Arquitetura Event-Driven sem virar um monolito distribuído
Quando eventos ajudam a desacoplar times e quando eles só escondem acoplamento atrás de uma fila. Um guia prático de trade-offs.
Arquiteturas orientadas a eventos viraram quase um sinônimo de "sistema moderno". Mas adotar eventos sem entender os trade-offs é a forma mais rápida de transformar um monólito organizado em um monolito distribuído — todas as dependências de antes, agora com latência de rede e debugging por correlação.
O que eventos realmente resolvem
Eventos não são sobre tecnologia (Kafka, SQS, RabbitMQ). São sobre inversão de dependência no tempo. O produtor não sabe — e não precisa saber — quem consome.
Isso desacopla de verdade quando:
- Times diferentes evoluem produtores e consumidores em ritmos diferentes.
- O mesmo fato de negócio dispara várias reações independentes.
- Você precisa absorver picos de carga com um buffer natural.
Quando é acoplamento disfarçado
O sinal de alerta aparece quando o produtor emite um evento e espera uma resposta específica de um consumidor específico para seguir. Isso não é um evento — é uma chamada RPC com passos extras.
Se você precisa saber quem vai consumir e o que vai acontecer depois, você provavelmente quer uma chamada síncrona, não um evento.
Um teste prático
Antes de transformar uma interação em evento, pergunte:
- O produtor fica correto mesmo que ninguém consuma o evento?
- A ordem de processamento entre consumidores é irrelevante para a correção?
- Você consegue conviver com consistência eventual nesse fluxo?
Se a resposta para as três for "sim", eventos provavelmente ajudam. Se alguma for "não", o custo operacional raramente compensa.

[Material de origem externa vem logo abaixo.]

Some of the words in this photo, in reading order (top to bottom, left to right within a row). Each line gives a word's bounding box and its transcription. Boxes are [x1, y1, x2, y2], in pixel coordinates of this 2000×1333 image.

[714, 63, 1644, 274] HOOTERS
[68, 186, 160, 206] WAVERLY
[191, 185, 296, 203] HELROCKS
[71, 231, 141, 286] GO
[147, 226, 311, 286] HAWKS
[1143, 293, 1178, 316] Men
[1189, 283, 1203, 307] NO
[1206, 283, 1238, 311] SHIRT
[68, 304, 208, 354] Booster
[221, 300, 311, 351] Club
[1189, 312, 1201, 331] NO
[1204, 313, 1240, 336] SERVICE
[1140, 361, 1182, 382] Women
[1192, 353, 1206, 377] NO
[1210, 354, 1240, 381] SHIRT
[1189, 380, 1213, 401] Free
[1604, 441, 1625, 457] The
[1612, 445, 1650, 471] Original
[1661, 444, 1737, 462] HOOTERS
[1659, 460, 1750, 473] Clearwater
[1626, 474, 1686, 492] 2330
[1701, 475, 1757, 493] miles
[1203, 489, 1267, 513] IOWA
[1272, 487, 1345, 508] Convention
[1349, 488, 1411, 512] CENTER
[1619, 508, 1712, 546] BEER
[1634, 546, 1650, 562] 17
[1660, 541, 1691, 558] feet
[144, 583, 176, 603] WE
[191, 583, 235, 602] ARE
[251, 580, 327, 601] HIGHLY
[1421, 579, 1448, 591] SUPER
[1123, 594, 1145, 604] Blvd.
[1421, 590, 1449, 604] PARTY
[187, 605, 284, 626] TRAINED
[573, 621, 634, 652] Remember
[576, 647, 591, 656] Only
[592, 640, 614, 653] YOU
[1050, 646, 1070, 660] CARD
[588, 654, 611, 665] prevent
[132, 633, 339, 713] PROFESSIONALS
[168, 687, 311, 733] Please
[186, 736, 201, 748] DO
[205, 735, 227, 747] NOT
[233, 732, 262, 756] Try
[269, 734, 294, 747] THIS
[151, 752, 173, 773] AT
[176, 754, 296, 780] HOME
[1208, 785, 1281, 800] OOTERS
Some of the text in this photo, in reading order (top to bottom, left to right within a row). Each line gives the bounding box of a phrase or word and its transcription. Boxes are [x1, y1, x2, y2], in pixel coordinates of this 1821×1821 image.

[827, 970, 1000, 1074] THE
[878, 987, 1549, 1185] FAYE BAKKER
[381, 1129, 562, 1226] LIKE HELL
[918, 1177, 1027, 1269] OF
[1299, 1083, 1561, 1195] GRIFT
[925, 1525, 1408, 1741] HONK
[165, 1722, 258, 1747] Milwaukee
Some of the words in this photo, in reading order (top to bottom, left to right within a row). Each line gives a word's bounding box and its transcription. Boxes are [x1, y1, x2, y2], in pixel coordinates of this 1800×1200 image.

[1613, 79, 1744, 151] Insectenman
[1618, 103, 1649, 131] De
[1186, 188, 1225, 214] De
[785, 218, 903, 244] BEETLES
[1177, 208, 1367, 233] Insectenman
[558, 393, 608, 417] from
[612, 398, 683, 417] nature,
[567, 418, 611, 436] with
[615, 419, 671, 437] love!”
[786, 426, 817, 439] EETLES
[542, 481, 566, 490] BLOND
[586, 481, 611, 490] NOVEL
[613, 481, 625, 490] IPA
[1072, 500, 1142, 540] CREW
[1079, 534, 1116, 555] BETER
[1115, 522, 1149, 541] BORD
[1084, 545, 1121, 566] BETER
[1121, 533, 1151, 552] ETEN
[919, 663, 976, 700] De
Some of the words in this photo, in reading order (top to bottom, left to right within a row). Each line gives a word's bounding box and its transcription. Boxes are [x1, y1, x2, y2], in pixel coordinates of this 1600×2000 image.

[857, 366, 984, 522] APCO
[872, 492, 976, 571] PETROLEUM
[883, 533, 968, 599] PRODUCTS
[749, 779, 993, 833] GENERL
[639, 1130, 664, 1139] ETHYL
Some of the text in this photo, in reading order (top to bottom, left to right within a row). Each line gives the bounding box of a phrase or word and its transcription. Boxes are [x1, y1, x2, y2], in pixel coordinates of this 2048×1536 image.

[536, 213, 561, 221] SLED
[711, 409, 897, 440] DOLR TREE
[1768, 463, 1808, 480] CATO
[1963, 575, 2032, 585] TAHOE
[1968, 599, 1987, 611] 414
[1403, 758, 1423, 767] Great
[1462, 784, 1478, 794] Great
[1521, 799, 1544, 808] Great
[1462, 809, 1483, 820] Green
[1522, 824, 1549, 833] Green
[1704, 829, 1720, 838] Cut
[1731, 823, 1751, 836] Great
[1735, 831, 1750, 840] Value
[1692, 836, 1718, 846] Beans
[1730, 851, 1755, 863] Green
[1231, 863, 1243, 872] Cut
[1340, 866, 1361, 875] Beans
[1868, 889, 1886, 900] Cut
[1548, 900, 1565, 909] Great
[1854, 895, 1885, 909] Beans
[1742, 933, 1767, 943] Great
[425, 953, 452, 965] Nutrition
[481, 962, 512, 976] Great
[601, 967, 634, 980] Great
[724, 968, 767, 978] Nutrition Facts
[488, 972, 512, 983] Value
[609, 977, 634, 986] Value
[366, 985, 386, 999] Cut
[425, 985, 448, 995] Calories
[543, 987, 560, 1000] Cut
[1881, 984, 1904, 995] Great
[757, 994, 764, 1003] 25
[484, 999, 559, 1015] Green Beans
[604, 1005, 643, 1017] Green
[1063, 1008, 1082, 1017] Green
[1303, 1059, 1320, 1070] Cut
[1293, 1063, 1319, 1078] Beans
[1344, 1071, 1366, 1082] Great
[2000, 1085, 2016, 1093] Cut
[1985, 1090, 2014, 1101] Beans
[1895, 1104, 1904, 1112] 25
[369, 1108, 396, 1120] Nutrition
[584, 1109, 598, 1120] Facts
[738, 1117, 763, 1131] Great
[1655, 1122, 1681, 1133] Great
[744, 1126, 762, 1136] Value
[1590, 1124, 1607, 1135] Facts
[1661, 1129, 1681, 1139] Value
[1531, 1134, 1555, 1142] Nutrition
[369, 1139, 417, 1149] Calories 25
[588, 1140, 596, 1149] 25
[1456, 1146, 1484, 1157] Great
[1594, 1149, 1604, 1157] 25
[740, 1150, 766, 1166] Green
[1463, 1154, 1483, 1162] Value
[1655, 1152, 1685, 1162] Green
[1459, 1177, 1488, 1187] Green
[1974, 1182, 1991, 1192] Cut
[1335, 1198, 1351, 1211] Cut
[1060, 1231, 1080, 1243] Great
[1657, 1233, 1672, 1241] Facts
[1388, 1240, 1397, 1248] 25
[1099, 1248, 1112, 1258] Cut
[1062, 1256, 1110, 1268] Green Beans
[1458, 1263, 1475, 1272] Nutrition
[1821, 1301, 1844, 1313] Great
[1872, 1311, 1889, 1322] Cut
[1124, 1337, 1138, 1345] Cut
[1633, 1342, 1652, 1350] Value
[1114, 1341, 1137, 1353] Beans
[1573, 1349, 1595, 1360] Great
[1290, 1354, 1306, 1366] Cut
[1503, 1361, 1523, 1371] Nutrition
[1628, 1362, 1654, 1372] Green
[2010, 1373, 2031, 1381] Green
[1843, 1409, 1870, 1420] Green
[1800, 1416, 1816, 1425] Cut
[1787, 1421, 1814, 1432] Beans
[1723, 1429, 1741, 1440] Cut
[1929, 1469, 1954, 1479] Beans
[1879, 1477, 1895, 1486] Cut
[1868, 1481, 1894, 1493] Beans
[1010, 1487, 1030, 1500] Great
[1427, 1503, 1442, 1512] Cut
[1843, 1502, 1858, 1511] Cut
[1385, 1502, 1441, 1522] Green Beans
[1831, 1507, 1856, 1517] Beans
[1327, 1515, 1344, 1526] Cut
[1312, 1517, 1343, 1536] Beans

Exemplo: notificação vs. cobrança
// ✅ Bom uso de evento: reações independentes a um fato consumado
await orders.markAsPaid(orderId);
await bus.publish("order.paid", { orderId, amount });
// e-mail, fiscal e analytics reagem sem o checkout saber delesAgora compare com:
// ⚠️ Acoplamento disfarçado: o checkout depende do resultado
await bus.publish("charge.requested", { orderId });
// ...e fica "esperando" um charge.completed para liberar o pedidoNo segundo caso, a corretude do checkout depende do consumidor. Uma chamada síncrona ao serviço de pagamento — com um circuit breaker — seria mais simples de operar e de depurar.
Conclusão
Eventos são uma ferramenta de desacoplamento, não um selo de modernidade. Use-os onde a independência entre produtores e consumidores é real. Onde há dependência de resultado, prefira chamadas explícitas. A arquitetura mais fácil de operar quase sempre é a mais honesta sobre suas dependências.